**Required action:**
Exact repetition of the data below is required.

**Extracted records:**
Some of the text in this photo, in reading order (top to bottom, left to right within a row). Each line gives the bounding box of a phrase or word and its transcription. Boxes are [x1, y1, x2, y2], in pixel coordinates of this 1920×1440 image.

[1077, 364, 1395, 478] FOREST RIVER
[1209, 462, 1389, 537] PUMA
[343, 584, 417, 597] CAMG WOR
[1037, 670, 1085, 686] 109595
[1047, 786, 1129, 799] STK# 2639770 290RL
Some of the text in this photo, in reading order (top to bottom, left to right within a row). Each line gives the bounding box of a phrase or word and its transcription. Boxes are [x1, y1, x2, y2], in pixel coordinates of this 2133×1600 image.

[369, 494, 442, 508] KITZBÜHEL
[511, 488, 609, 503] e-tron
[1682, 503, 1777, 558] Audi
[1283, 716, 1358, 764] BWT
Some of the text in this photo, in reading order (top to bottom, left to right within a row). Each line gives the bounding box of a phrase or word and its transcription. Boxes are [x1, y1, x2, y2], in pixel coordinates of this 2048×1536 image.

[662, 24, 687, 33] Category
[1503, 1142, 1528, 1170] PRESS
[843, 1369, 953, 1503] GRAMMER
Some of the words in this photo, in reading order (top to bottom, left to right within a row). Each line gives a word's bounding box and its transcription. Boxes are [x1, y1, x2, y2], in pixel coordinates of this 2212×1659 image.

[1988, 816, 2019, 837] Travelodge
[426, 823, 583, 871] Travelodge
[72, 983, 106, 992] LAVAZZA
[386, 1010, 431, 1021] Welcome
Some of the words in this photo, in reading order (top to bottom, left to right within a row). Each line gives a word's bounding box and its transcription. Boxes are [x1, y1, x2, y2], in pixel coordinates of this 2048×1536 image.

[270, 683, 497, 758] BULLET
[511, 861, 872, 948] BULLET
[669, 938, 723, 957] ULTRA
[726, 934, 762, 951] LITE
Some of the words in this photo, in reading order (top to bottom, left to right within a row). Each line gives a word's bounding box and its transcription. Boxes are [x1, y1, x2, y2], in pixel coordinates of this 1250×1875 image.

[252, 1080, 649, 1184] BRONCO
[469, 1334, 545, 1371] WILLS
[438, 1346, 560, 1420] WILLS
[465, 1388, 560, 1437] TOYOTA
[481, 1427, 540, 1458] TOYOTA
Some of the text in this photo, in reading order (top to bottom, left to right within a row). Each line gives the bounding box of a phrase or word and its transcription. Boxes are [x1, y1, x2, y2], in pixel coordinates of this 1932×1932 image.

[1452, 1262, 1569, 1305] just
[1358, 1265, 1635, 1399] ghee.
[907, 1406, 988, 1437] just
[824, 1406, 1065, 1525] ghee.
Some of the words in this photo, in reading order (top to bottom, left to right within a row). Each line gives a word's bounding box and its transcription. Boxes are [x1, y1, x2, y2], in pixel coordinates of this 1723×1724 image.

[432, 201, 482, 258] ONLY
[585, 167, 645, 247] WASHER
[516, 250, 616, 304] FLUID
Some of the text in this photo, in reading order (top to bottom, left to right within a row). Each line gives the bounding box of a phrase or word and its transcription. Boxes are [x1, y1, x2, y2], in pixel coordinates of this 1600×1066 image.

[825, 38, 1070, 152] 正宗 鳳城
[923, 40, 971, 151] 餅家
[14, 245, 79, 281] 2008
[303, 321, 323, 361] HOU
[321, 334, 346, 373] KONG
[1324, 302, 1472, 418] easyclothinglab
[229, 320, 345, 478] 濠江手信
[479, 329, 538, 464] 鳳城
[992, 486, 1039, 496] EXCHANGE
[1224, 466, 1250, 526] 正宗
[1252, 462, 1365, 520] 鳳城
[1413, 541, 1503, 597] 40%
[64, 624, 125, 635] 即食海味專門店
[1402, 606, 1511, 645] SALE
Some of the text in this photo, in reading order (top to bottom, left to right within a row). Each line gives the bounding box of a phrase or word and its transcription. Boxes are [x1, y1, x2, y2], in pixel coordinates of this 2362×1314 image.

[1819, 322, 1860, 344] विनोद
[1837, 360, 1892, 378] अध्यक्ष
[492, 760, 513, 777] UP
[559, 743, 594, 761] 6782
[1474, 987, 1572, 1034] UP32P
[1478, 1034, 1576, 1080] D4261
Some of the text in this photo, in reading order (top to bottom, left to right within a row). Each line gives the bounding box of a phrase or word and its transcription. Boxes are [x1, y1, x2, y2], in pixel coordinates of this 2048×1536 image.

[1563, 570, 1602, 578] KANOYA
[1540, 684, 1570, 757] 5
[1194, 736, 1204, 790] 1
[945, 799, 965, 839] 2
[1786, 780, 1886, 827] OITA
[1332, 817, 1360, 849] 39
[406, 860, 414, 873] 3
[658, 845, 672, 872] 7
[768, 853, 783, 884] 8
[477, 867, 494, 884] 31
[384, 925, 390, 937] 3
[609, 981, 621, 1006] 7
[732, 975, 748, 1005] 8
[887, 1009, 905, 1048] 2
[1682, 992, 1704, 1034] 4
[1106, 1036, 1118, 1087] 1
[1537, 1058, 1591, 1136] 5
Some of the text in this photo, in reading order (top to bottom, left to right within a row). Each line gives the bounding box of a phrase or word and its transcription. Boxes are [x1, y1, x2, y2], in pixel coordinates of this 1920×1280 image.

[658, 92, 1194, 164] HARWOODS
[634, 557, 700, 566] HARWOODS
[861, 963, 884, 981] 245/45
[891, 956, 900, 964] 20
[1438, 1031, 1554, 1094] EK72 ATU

**Answer to this exercise:**
Some of the text in this photo, in reading order (top to bottom, left to right within a row). Each line gives the bounding box of a phrase or word and its transcription. Boxes are [x1, y1, x2, y2], in pixel coordinates of this 1920×1440 image.

[1077, 364, 1395, 478] FOREST RIVER
[1209, 462, 1389, 537] PUMA
[343, 584, 417, 597] CAMG WOR
[1037, 670, 1085, 686] 109595
[1047, 786, 1129, 799] STK# 2639770 290RL
Some of the text in this photo, in reading order (top to bottom, left to right within a row). Each line gives the bounding box of a phrase or word and its transcription. Boxes are [x1, y1, x2, y2], in pixel coordinates of this 2133×1600 image.

[369, 494, 442, 508] KITZBÜHEL
[511, 488, 609, 503] e-tron
[1682, 503, 1777, 558] Audi
[1283, 716, 1358, 764] BWT
Some of the text in this photo, in reading order (top to bottom, left to right within a row). Each line gives the bounding box of a phrase or word and its transcription. Boxes are [x1, y1, x2, y2], in pixel coordinates of this 2048×1536 image.

[662, 24, 687, 33] Category
[1503, 1142, 1528, 1170] PRESS
[843, 1369, 953, 1503] GRAMMER
Some of the words in this photo, in reading order (top to bottom, left to right within a row). Each line gives a word's bounding box and its transcription. Boxes are [x1, y1, x2, y2], in pixel coordinates of this 2212×1659 image.

[1988, 816, 2019, 837] Travelodge
[426, 823, 583, 871] Travelodge
[72, 983, 106, 992] LAVAZZA
[386, 1010, 431, 1021] Welcome
Some of the words in this photo, in reading order (top to bottom, left to right within a row). Each line gives a word's bounding box and its transcription. Boxes are [x1, y1, x2, y2], in pixel coordinates of this 2048×1536 image.

[270, 683, 497, 758] BULLET
[511, 861, 872, 948] BULLET
[669, 938, 723, 957] ULTRA
[726, 934, 762, 951] LITE
Some of the words in this photo, in reading order (top to bottom, left to right within a row). Each line gives a word's bounding box and its transcription. Boxes are [x1, y1, x2, y2], in pixel coordinates of this 1250×1875 image.

[252, 1080, 649, 1184] BRONCO
[469, 1334, 545, 1371] WILLS
[438, 1346, 560, 1420] WILLS
[465, 1388, 560, 1437] TOYOTA
[481, 1427, 540, 1458] TOYOTA
Some of the text in this photo, in reading order (top to bottom, left to right within a row). Each line gives the bounding box of a phrase or word and its transcription. Boxes are [x1, y1, x2, y2], in pixel coordinates of this 1932×1932 image.

[1452, 1262, 1569, 1305] just
[1358, 1265, 1635, 1399] ghee.
[907, 1406, 988, 1437] just
[824, 1406, 1065, 1525] ghee.
Some of the words in this photo, in reading order (top to bottom, left to right within a row). Each line gives a word's bounding box and its transcription. Boxes are [x1, y1, x2, y2], in pixel coordinates of this 1723×1724 image.

[432, 201, 482, 258] ONLY
[585, 167, 645, 247] WASHER
[516, 250, 616, 304] FLUID
Some of the text in this photo, in reading order (top to bottom, left to right within a row). Each line gives the bounding box of a phrase or word and its transcription. Boxes are [x1, y1, x2, y2], in pixel coordinates of this 1600×1066 image.

[825, 38, 1070, 152] 正宗 鳳城
[923, 40, 971, 151] 餅家
[14, 245, 79, 281] 2008
[303, 321, 323, 361] HOU
[321, 334, 346, 373] KONG
[1324, 302, 1472, 418] easyclothinglab
[229, 320, 345, 478] 濠江手信
[479, 329, 538, 464] 鳳城
[992, 486, 1039, 496] EXCHANGE
[1224, 466, 1250, 526] 正宗
[1252, 462, 1365, 520] 鳳城
[1413, 541, 1503, 597] 40%
[64, 624, 125, 635] 即食海味專門店
[1402, 606, 1511, 645] SALE
Some of the text in this photo, in reading order (top to bottom, left to right within a row). Each line gives the bounding box of a phrase or word and its transcription. Boxes are [x1, y1, x2, y2], in pixel coordinates of this 2362×1314 image.

[1819, 322, 1860, 344] विनोद
[1837, 360, 1892, 378] अध्यक्ष
[492, 760, 513, 777] UP
[559, 743, 594, 761] 6782
[1474, 987, 1572, 1034] UP32P
[1478, 1034, 1576, 1080] D4261
Some of the text in this photo, in reading order (top to bottom, left to right within a row). Each line gives the bounding box of a phrase or word and its transcription. Boxes are [x1, y1, x2, y2], in pixel coordinates of this 2048×1536 image.

[1563, 570, 1602, 578] KANOYA
[1540, 684, 1570, 757] 5
[1194, 736, 1204, 790] 1
[945, 799, 965, 839] 2
[1786, 780, 1886, 827] OITA
[1332, 817, 1360, 849] 39
[406, 860, 414, 873] 3
[658, 845, 672, 872] 7
[768, 853, 783, 884] 8
[477, 867, 494, 884] 31
[384, 925, 390, 937] 3
[609, 981, 621, 1006] 7
[732, 975, 748, 1005] 8
[887, 1009, 905, 1048] 2
[1682, 992, 1704, 1034] 4
[1106, 1036, 1118, 1087] 1
[1537, 1058, 1591, 1136] 5
Some of the text in this photo, in reading order (top to bottom, left to right within a row). Each line gives the bounding box of a phrase or word and its transcription. Boxes are [x1, y1, x2, y2], in pixel coordinates of this 1920×1280 image.

[658, 92, 1194, 164] HARWOODS
[634, 557, 700, 566] HARWOODS
[861, 963, 884, 981] 245/45
[891, 956, 900, 964] 20
[1438, 1031, 1554, 1094] EK72 ATU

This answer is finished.